### TRY IT
Reproduce each record below in full, word for word, without images.

### RECORDS PROVIDED

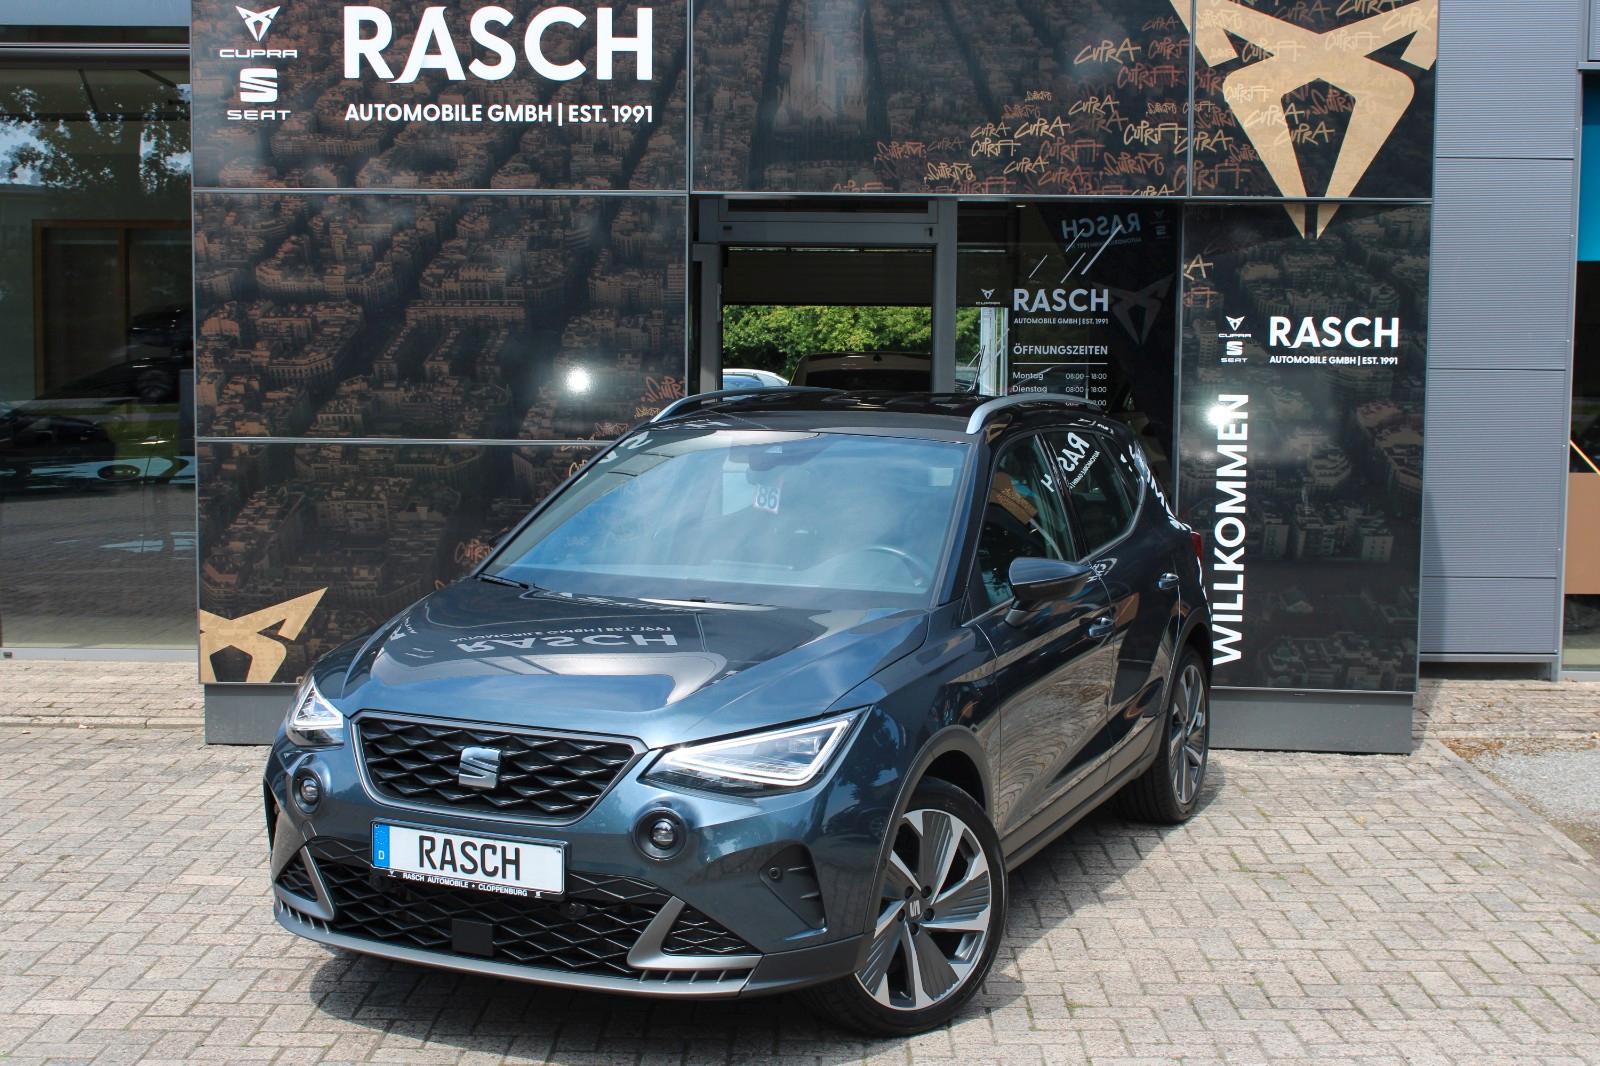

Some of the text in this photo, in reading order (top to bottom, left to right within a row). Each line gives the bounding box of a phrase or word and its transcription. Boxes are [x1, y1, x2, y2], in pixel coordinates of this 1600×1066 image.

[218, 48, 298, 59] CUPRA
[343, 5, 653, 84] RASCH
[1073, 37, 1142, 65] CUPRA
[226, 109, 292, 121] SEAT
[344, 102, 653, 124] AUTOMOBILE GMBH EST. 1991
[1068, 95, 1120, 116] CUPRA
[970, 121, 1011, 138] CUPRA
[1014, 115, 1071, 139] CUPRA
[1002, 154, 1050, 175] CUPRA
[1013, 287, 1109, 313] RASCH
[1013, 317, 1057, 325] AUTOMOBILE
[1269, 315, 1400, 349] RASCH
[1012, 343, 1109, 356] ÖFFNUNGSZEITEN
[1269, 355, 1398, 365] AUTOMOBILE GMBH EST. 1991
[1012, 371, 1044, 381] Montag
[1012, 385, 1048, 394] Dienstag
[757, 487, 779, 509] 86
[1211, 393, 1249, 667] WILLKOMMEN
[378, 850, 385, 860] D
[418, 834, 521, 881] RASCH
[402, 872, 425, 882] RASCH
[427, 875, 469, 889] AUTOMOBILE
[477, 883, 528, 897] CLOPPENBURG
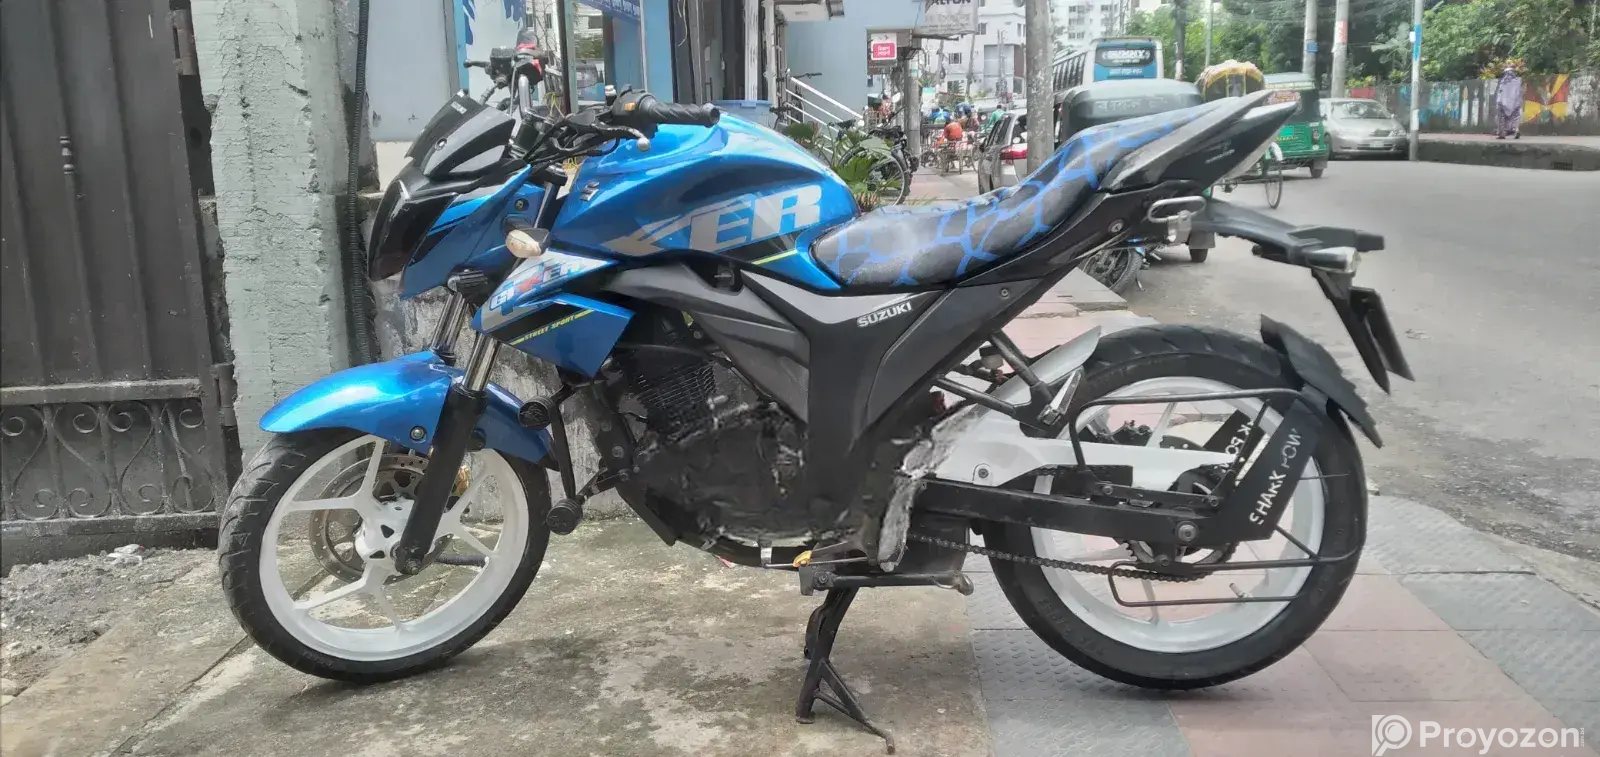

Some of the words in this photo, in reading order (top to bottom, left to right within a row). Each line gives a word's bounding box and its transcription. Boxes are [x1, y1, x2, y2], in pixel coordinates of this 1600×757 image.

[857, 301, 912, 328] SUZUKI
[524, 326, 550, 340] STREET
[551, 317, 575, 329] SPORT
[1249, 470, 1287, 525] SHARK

### EXERCISE ANSWER
Some of the text in this photo, in reading order (top to bottom, left to right within a row). Each line gives the bounding box of a phrase or word and its transcription. Boxes are [x1, y1, x2, y2], in pixel coordinates of this 1600×1066 image.

[218, 48, 298, 59] CUPRA
[343, 5, 653, 84] RASCH
[1073, 37, 1142, 65] CUPRA
[226, 109, 292, 121] SEAT
[344, 102, 653, 124] AUTOMOBILE GMBH EST. 1991
[1068, 95, 1120, 116] CUPRA
[970, 121, 1011, 138] CUPRA
[1014, 115, 1071, 139] CUPRA
[1002, 154, 1050, 175] CUPRA
[1013, 287, 1109, 313] RASCH
[1013, 317, 1057, 325] AUTOMOBILE
[1269, 315, 1400, 349] RASCH
[1012, 343, 1109, 356] ÖFFNUNGSZEITEN
[1269, 355, 1398, 365] AUTOMOBILE GMBH EST. 1991
[1012, 371, 1044, 381] Montag
[1012, 385, 1048, 394] Dienstag
[757, 487, 779, 509] 86
[1211, 393, 1249, 667] WILLKOMMEN
[378, 850, 385, 860] D
[418, 834, 521, 881] RASCH
[402, 872, 425, 882] RASCH
[427, 875, 469, 889] AUTOMOBILE
[477, 883, 528, 897] CLOPPENBURG

Some of the words in this photo, in reading order (top to bottom, left to right within a row). Each line gives a word's bounding box and its transcription. Boxes are [x1, y1, x2, y2], in pixel coordinates of this 1600×757 image.

[857, 301, 912, 328] SUZUKI
[524, 326, 550, 340] STREET
[551, 317, 575, 329] SPORT
[1249, 470, 1287, 525] SHARK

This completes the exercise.